Saved data entries:

..........

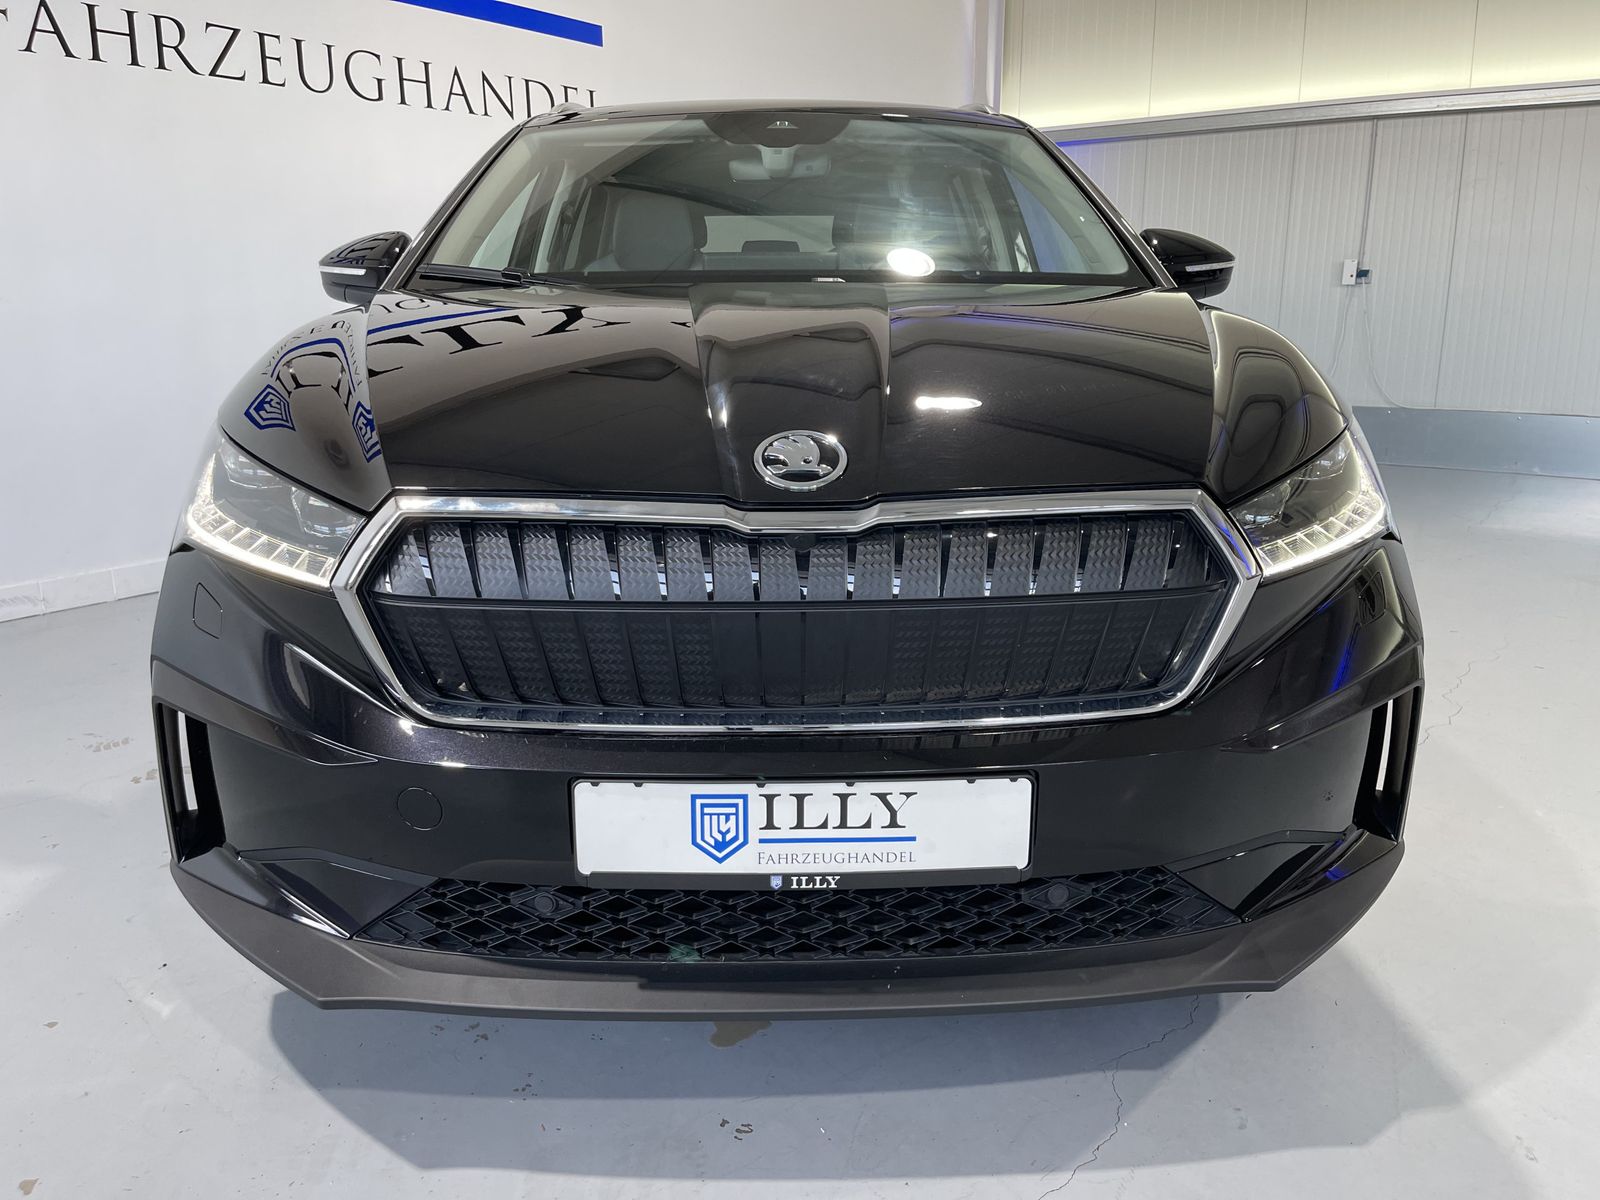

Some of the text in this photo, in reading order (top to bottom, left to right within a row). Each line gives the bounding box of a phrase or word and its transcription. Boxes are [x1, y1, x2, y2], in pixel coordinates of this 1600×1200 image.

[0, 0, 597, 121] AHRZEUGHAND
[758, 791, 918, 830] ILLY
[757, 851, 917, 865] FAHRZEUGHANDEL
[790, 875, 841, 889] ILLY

..........

- Your assignment: The records above should be returned word for word, with every picture left out.

- Output for this exercise:
Some of the text in this photo, in reading order (top to bottom, left to right within a row). Each line gives the bounding box of a phrase or word and its transcription. Boxes are [x1, y1, x2, y2], in pixel coordinates of this 1600×1200 image.

[0, 0, 597, 121] AHRZEUGHAND
[758, 791, 918, 830] ILLY
[757, 851, 917, 865] FAHRZEUGHANDEL
[790, 875, 841, 889] ILLY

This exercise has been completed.